Thursday, October 18, 2012

Book Review: The Innocent Man, By John Grisham




In his first work of nonfiction, author John Grisham tells the story of Ron Williamson, an Oklahoma man who was wrongfully accused of murder and sent to death row for a crime which he did not commit.  Williamson's co-defendant in the case, a long-time friend of his named Dennis Fritz, was also cleared of wrongdoing after a similar ordeal.  Their liberation came with the advent of DNA testing in the early Nineties; the two were finally exonerated in 1999, after twelve years in prison when DNA tests on crime scene evidence excluded them as possible suspects.

Williamson's tragic story begins in 1971, when he graduated high school.  After a meteoric rise to local fame as a high-school baseball player, he was drafted by the Oakland A's, and left his hometown of Ada Oklahoma with his sights set on a career in the Major Leagues.  Unfortunately, the career that he envisioned for himself was not to be.  By 1977, after nearly six years of working his way up in the minors, he injured his pitching arm, and was forced to abandon his hopes of playing professionally.

He then returned to Ada feeling defeated and severely depressed.  Once he was home again, his mood grew steadily worse, and his behavior more and more erratic.  He began to exhibit signs of mental illness, and was eventually diagnosed as both bipolar and schizophrenic.  His family later realized that he had been exhibiting signs of mental illness since childhood, but they had failed to recognize them as such, because they had not been educated about the symptoms and signs of mental illness.  He sought treatment for a brief time, but as is common with these type of mental conditions, he would stop once stabilized, not realizing that continuous treatment was needed to maintain stability.
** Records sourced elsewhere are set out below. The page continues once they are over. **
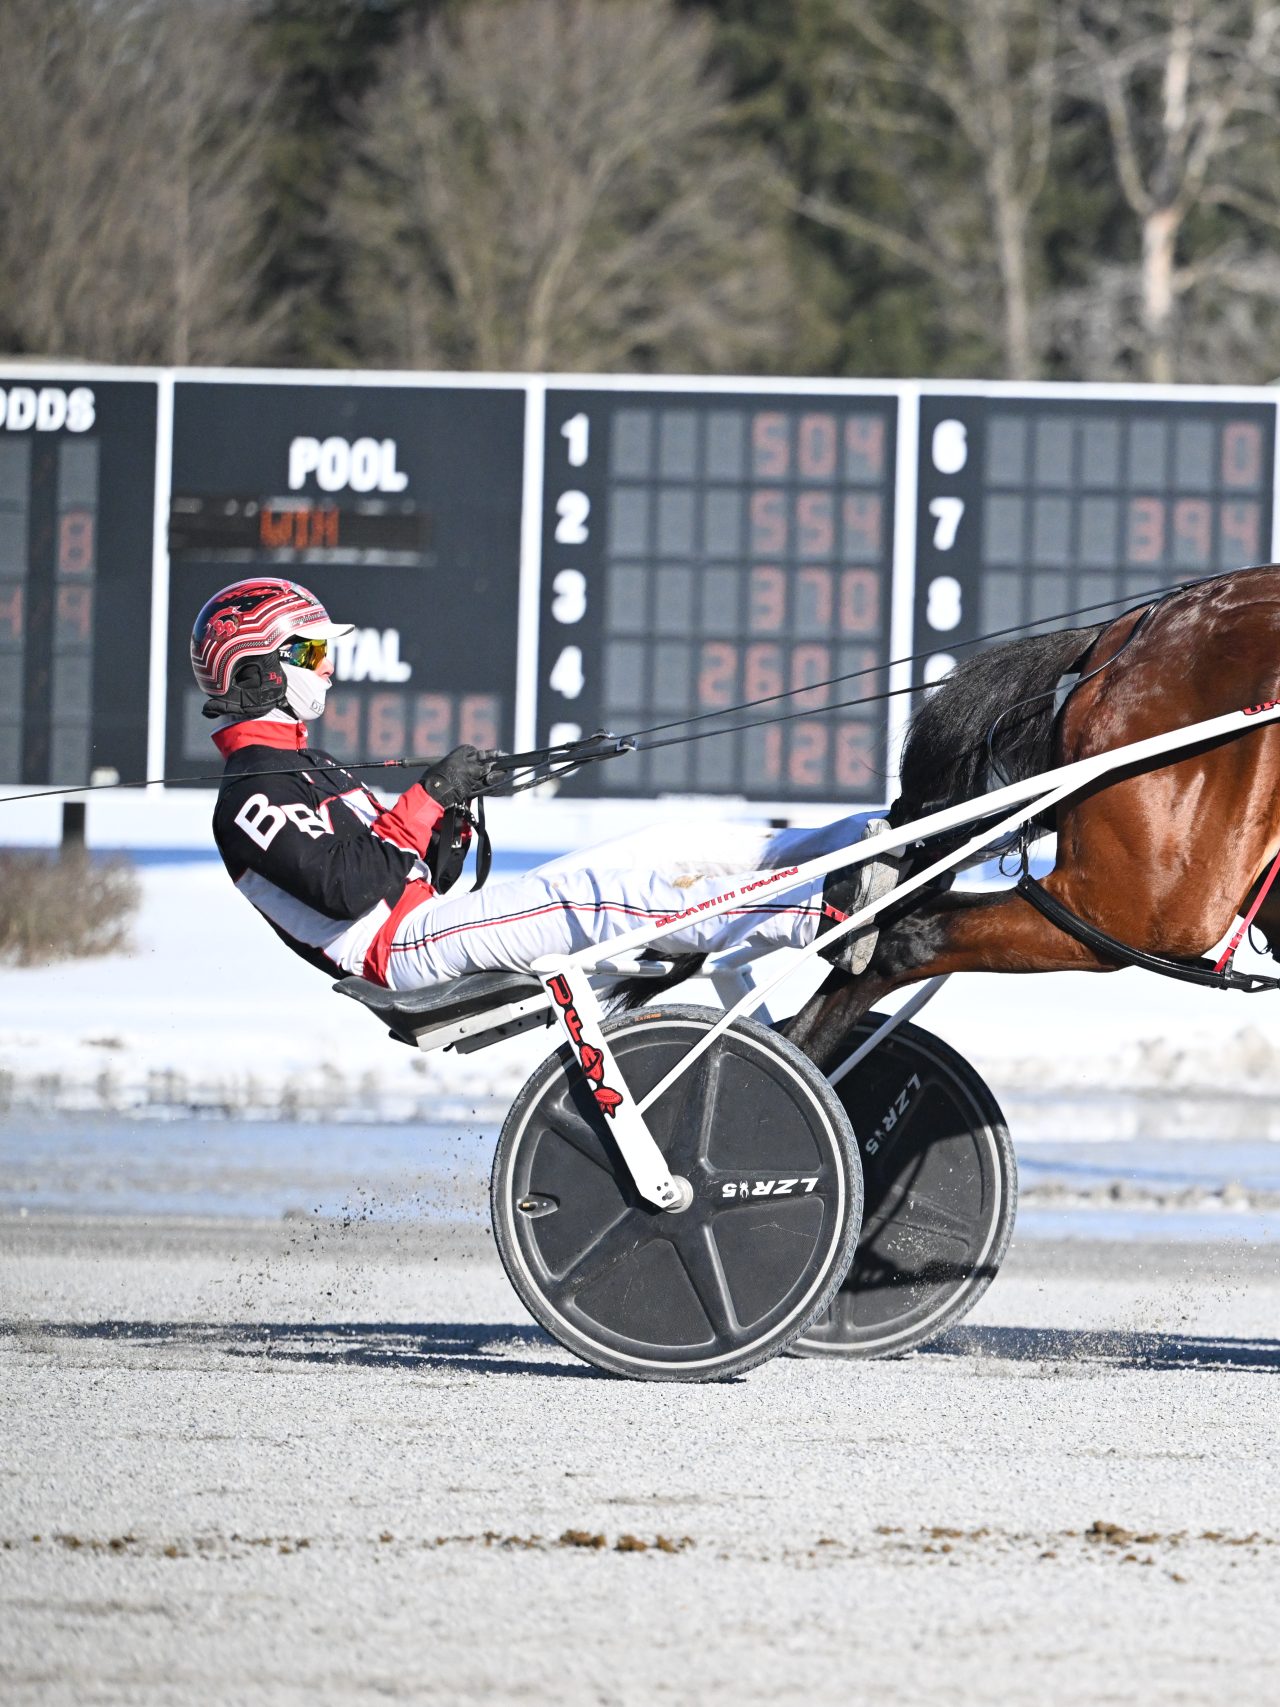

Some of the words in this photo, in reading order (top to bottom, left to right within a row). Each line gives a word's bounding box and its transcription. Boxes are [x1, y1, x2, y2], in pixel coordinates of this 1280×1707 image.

[289, 436, 408, 492] POOL
[561, 412, 589, 467] 1
[751, 411, 884, 478] 504
[932, 418, 967, 474] 6
[1222, 424, 1261, 486] 0
[555, 490, 590, 544] 2
[749, 490, 883, 555] 554
[928, 496, 965, 551] 7
[1127, 497, 1259, 562] 394
[551, 569, 586, 624] 3
[749, 566, 879, 632] 370
[926, 576, 962, 631] 8
[328, 628, 412, 682] TAL
[550, 645, 584, 699] 4
[701, 640, 877, 708] 2601
[324, 692, 498, 757] 4626
[763, 720, 876, 788] 126
The combination of his mental condition, coupled with the depression over his lost career completely destroyed his self-esteem, sending him into a downward spiral of booze, drugs, and casual sex.  His behavior led him to be arrested several times for public drunkenness and DUI.  During this time, he was also convicted of forgery, when he phonied the signature on a check to support his habits.  He received a two year sentence, of which he served ten months.  After being released he was unable to hold a job, so he moved back in with his mother, and his mood continued to deteriorate until he was barely able to function, and would often sleep for eighteen to twenty hours a day.  His every waking hour was spent in front of the television.
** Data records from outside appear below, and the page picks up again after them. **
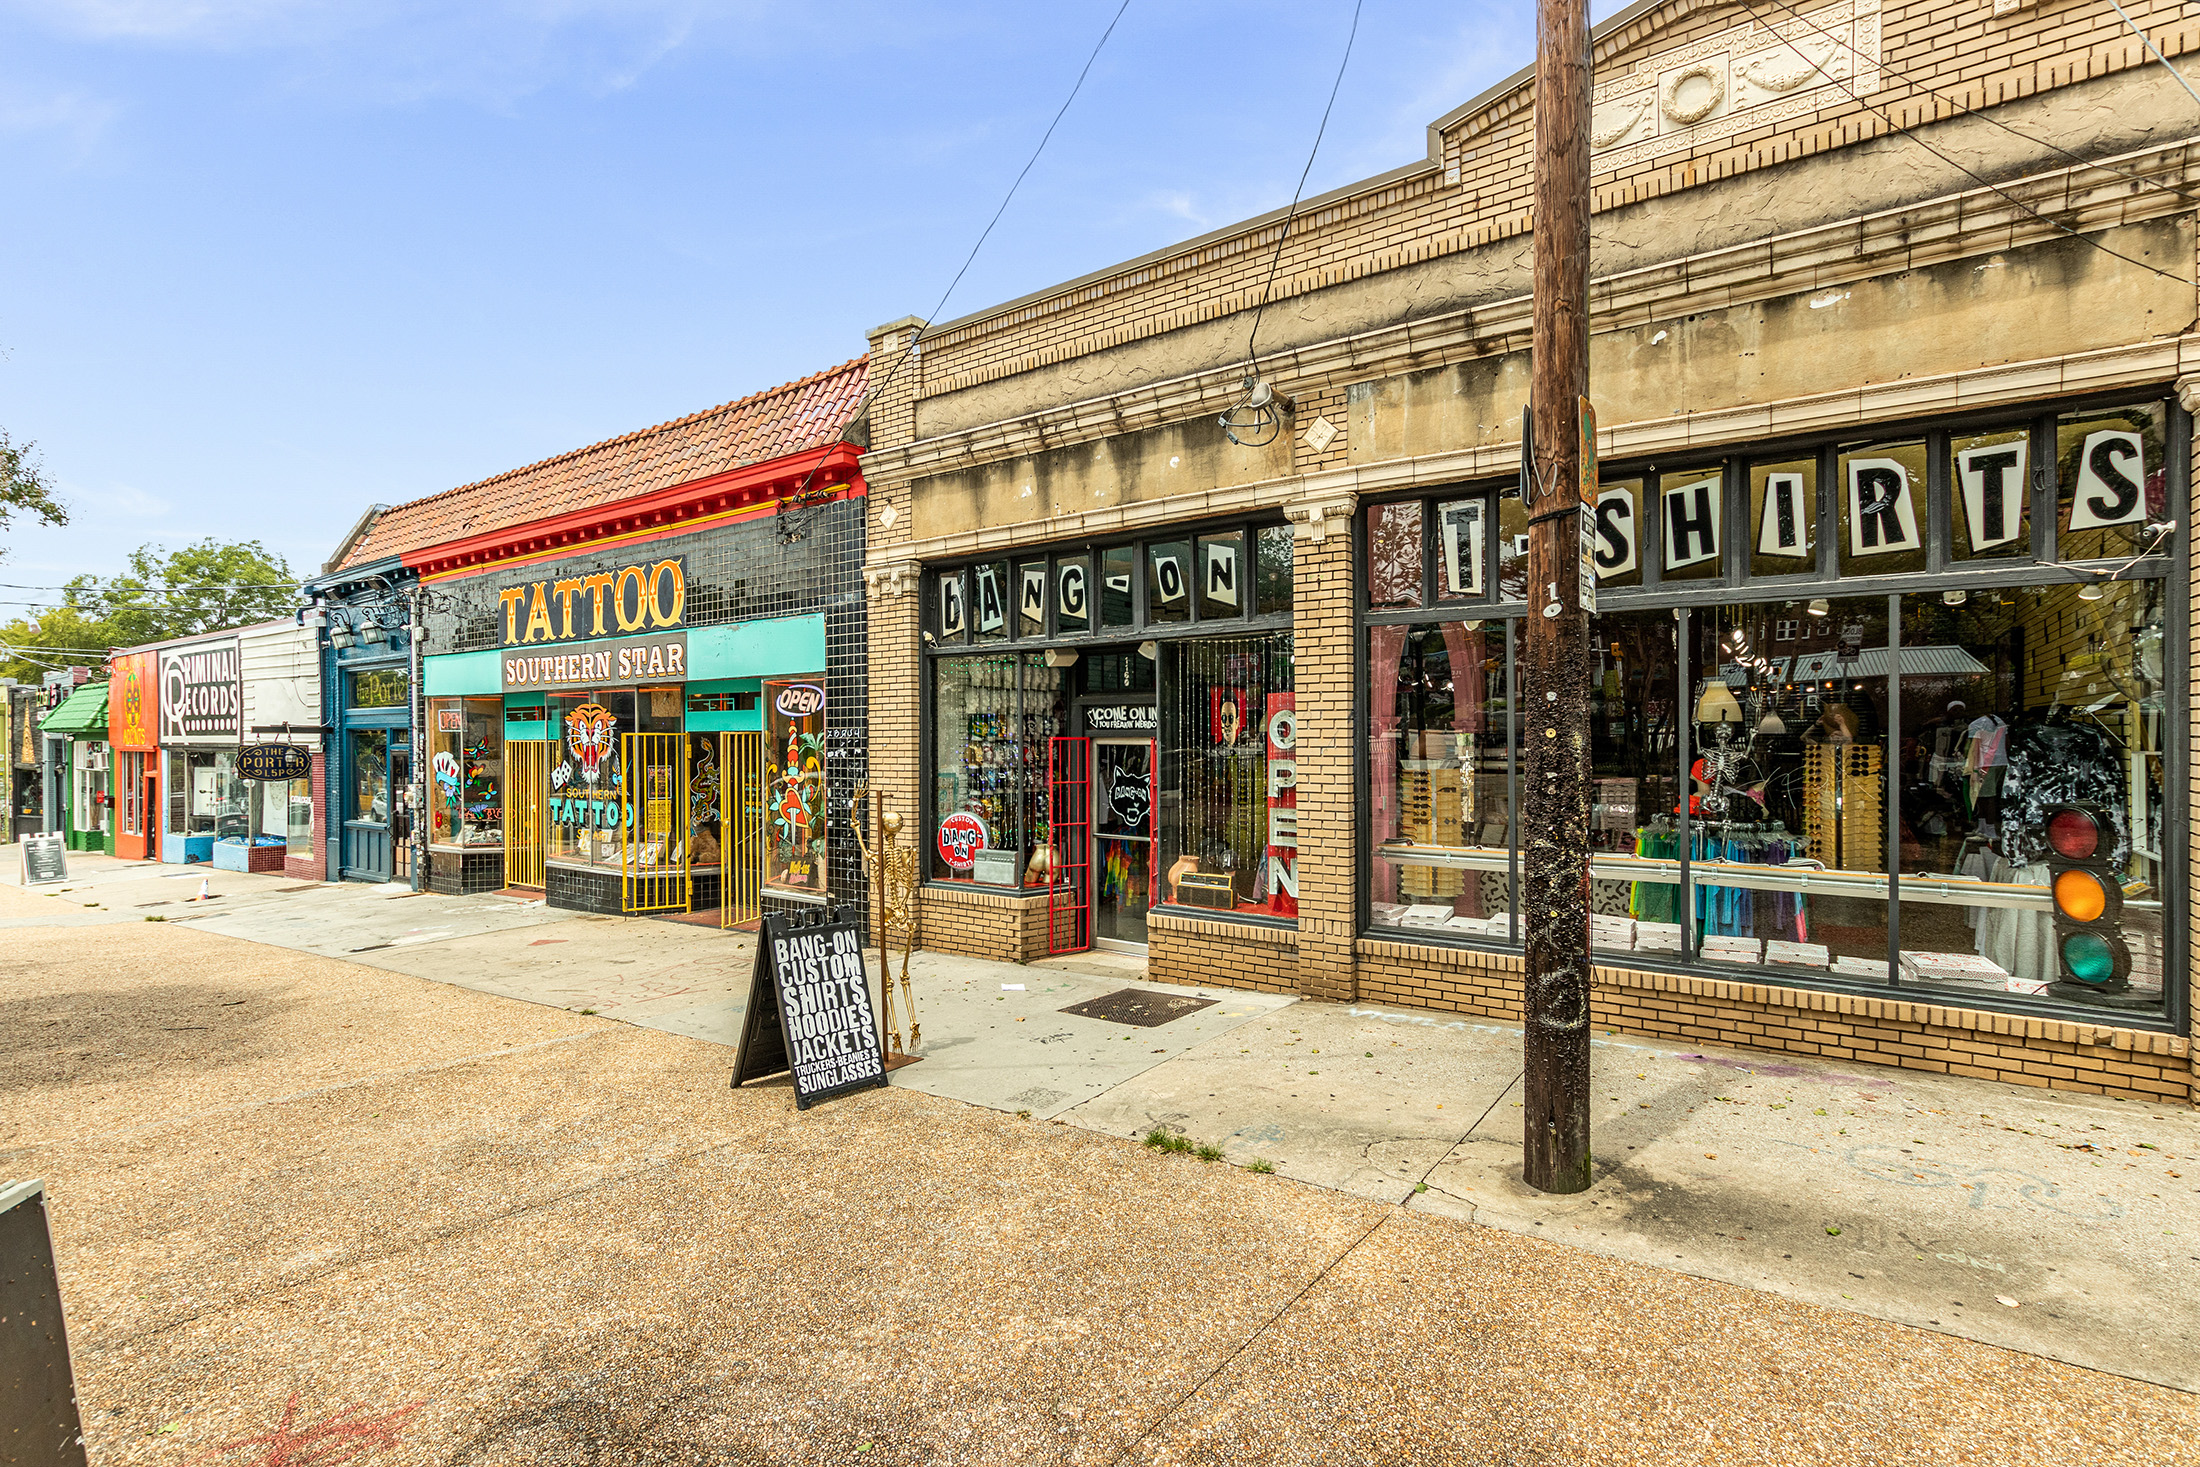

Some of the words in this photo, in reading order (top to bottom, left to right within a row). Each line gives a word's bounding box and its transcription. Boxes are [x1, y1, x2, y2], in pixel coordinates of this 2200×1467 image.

[498, 557, 685, 645] TATTOO
[506, 651, 612, 686] SOUTHERN
[618, 643, 685, 679] STAR
[369, 675, 408, 705] Porte
[779, 689, 820, 713] OPEN
[1095, 706, 1127, 721] COME
[1129, 707, 1146, 720] ON
[243, 757, 304, 768] PORTR
[566, 787, 617, 800] SOUTHERN
[1268, 709, 1299, 898] OPEN
[950, 815, 975, 825] CUSTOM
[954, 845, 967, 858] ON
[774, 930, 858, 964] BANG-ON
[778, 953, 862, 988] CUSTOM
[783, 976, 867, 1017] SHIRTS
[788, 1003, 872, 1041] HOODIES
[793, 1025, 876, 1066] JACKETS
[871, 1047, 879, 1058] &
[798, 1057, 882, 1094] SUNGLASSES
With the exception of brief periods during which he sought treatment and was properly medicated, this was his existence for the next few years.  Then in December of 1982, a local girl named Debbie Carter was raped and murdered.  After a year of trying to solve the case with little to show for their efforts, police were desperate.  With his prior arrest record, and given the fact that his often erratic behavior had earned him a reputation as a “loose cannon” of sorts, Williamson had become well-known to police; they considered him a trouble maker.  They began looking for any connection, no matter how seemingly insignificant, that would tie him to the murder.  Along the way, they compiled a case based mostly on circumstantial evidence, junk science, and the testimony of jailhouse snitches.

From the beginning, Williamson maintained his innocence, even producing a diary entry from his mother's own journals which proved that he was at home with her on the night of the murder.  But the police were undeterred.  The more that Williamson resisted, the more damning evidence they invented to trap him into a confession.  Long story short, he was arrested and eventually convicted, and all of this based on the flimsiest threads of “evidence.”

I can't really say much more without giving away the entire story, but suffice to say that Grisham's book is an eye-opener.  It will surely shake one's faith in the legal system to say the least.  The glaring examples of injustice are shocking; the abuse of power by law enforcement, the torture-like tactics used to obtain confession, the mishandling and manipulation of evidence, and the inept ignorance on the part of prosecutors will leave you with your jaw agape in stunned disbelief that anything this appalling could happen in America.  If you truly believe that there are no innocent people in prison, you'd better think again, because this outrageous miscarriage of justice certainly proves otherwise!